Marisela Escobar

Marisela Escobar

With the U.S. elections now over, many are speculating over who will succeed Hillary Clinton as Secretary of State to oversee U.S. foreign policy and the $47-billion U.S. Agency for International Development (USAID) annual budget. While a significant chunk of USAID spending goes to education and health programs, pockets of aid enlarge the already bloated military budgets of recipient governments. The result: less security and more violence against women, particularly women human rights defenders.

Indeed, the plight of these activists is so pervasive, yet unrecognized, that November 29th has been declared International Day of Women Human Rights Defenders. On the fifth anniversary of its founding, we take a look into Colombia and Mexico, the two countries with the largest number of documented instances of death threats against women human rights defenders—and coincidently two major recipients of U.S. aid.

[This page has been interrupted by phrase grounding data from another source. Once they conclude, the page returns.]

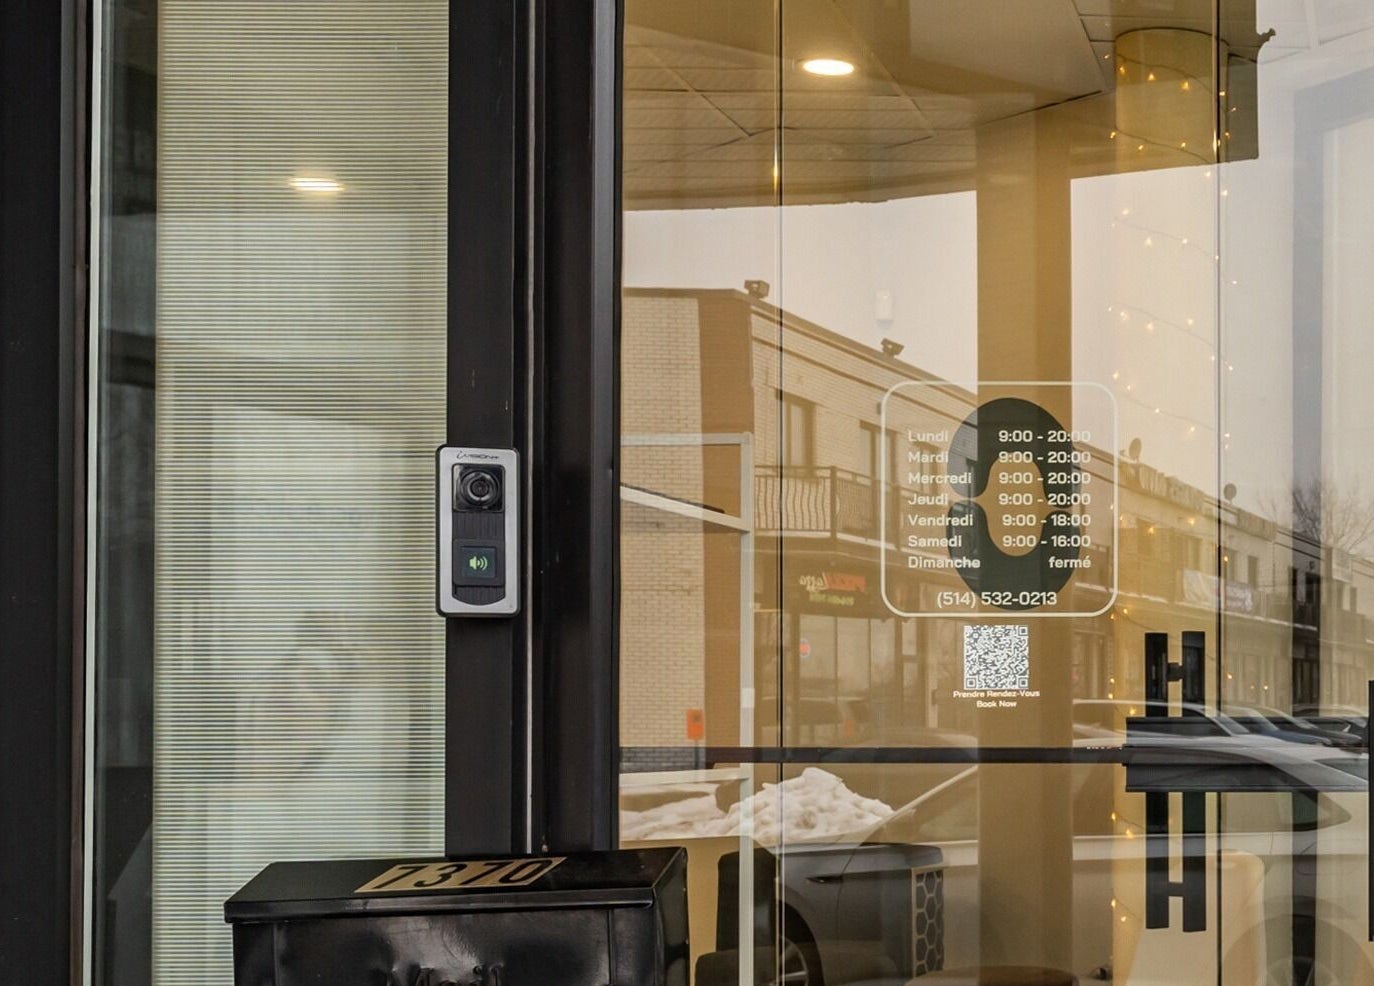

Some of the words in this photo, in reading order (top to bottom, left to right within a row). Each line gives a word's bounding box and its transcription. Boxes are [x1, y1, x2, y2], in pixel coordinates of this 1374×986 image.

[907, 430, 949, 442] Lundi
[999, 430, 1033, 442] 9:00
[1047, 430, 1091, 442] 20:00
[907, 451, 949, 463] Mardi
[999, 451, 1033, 463] 9:00
[1047, 451, 1091, 463] 20:00
[907, 472, 972, 484] Mercredi
[999, 472, 1033, 484] 9:00
[1047, 472, 1091, 484] 20:00
[907, 493, 949, 505] Jeudi
[999, 493, 1033, 505] 9:00
[1047, 493, 1091, 505] 20:00
[907, 514, 974, 526] Vendredi
[1002, 514, 1036, 526] 9:00
[1051, 514, 1091, 526] 18:00
[907, 535, 962, 547] Samedi
[1002, 535, 1036, 547] 9:00
[1051, 535, 1091, 547] 16:00
[907, 556, 981, 569] Dimanche
[1048, 556, 1092, 569] fermé
[937, 591, 976, 608] (514)
[981, 591, 1057, 606] 532-0213
[987, 690, 1040, 698] Rendez-Vous
[371, 859, 554, 890] 7370

Why Women Human Rights Defenders?

According to reports from the United Nations and Inter-American Human Rights Commission, although both men and women human rights defenders are subjected to political violence, the situation of women must be analyzed and addressed separately given the particular nature of their experience.

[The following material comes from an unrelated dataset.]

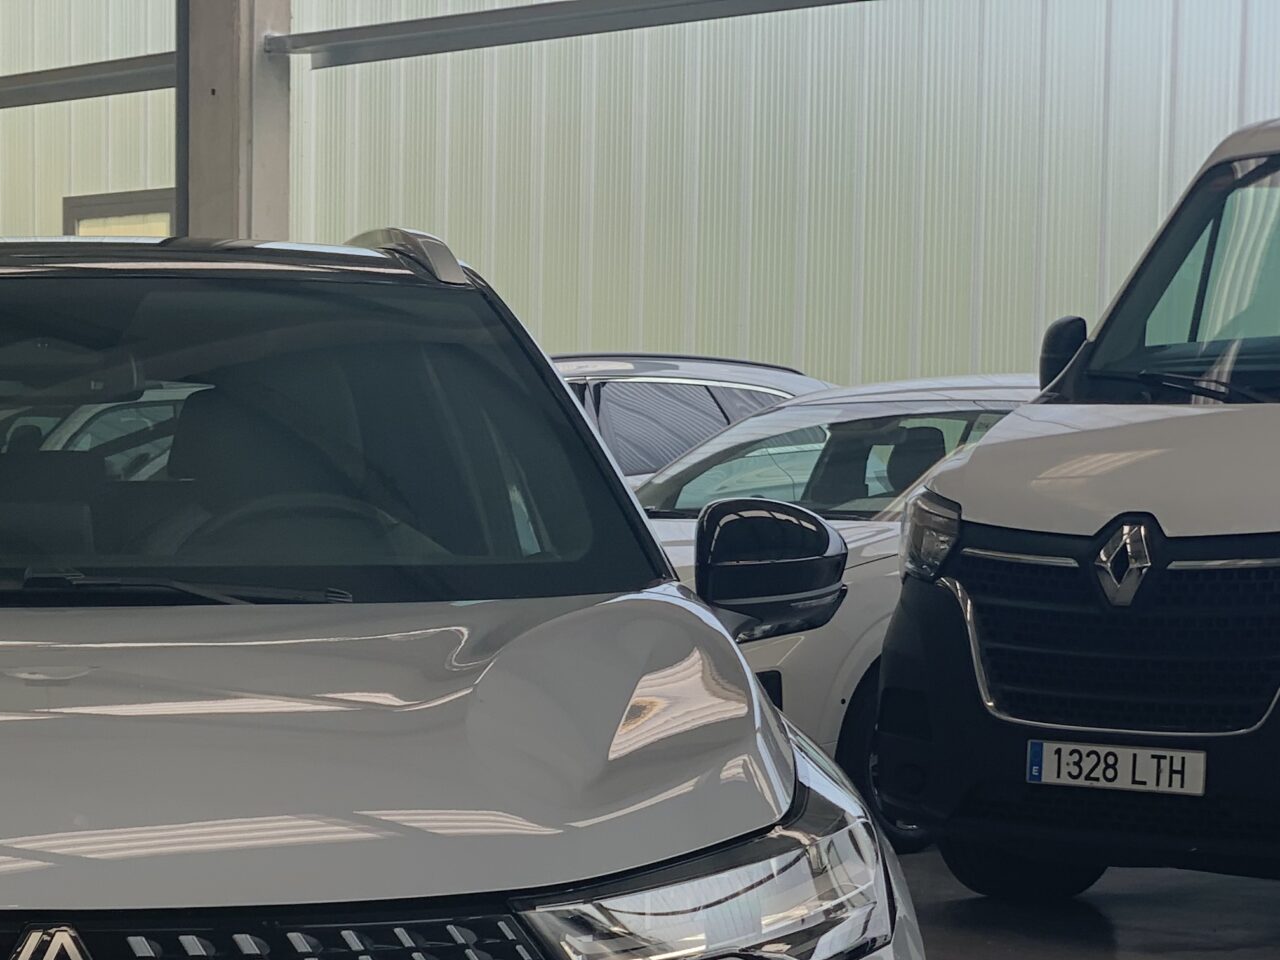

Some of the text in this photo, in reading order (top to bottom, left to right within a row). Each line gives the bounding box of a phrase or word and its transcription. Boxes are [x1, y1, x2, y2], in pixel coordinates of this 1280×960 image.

[1032, 747, 1186, 789] E 1328 LTH

Within Latin American societies (as in many others), women face significant social and cultural discrimination. Furthermore, because of their gender, women’s rights defenders endure sexual assault and harassment, including having to regularly deflect offensive sexual slurs aimed at discrediting their reputation and work. Women activists are increasingly leading efforts to demand the respect of women’s human rights and the end of violence and discrimination. Their struggles not only challenge the political and economic establishments in their countries, but also the patriarchal nature of power relations in their communities. This is why violence against them is more severe.

Most Dangerous Places for Human Rights Defenders

Colombia and Mexico—both flashpoints for political and drug-related violence—have become notorious places where women’s rights to a life free of violence and access to justice are increasingly threatened by the growing militarization and impunity of organized crime groups.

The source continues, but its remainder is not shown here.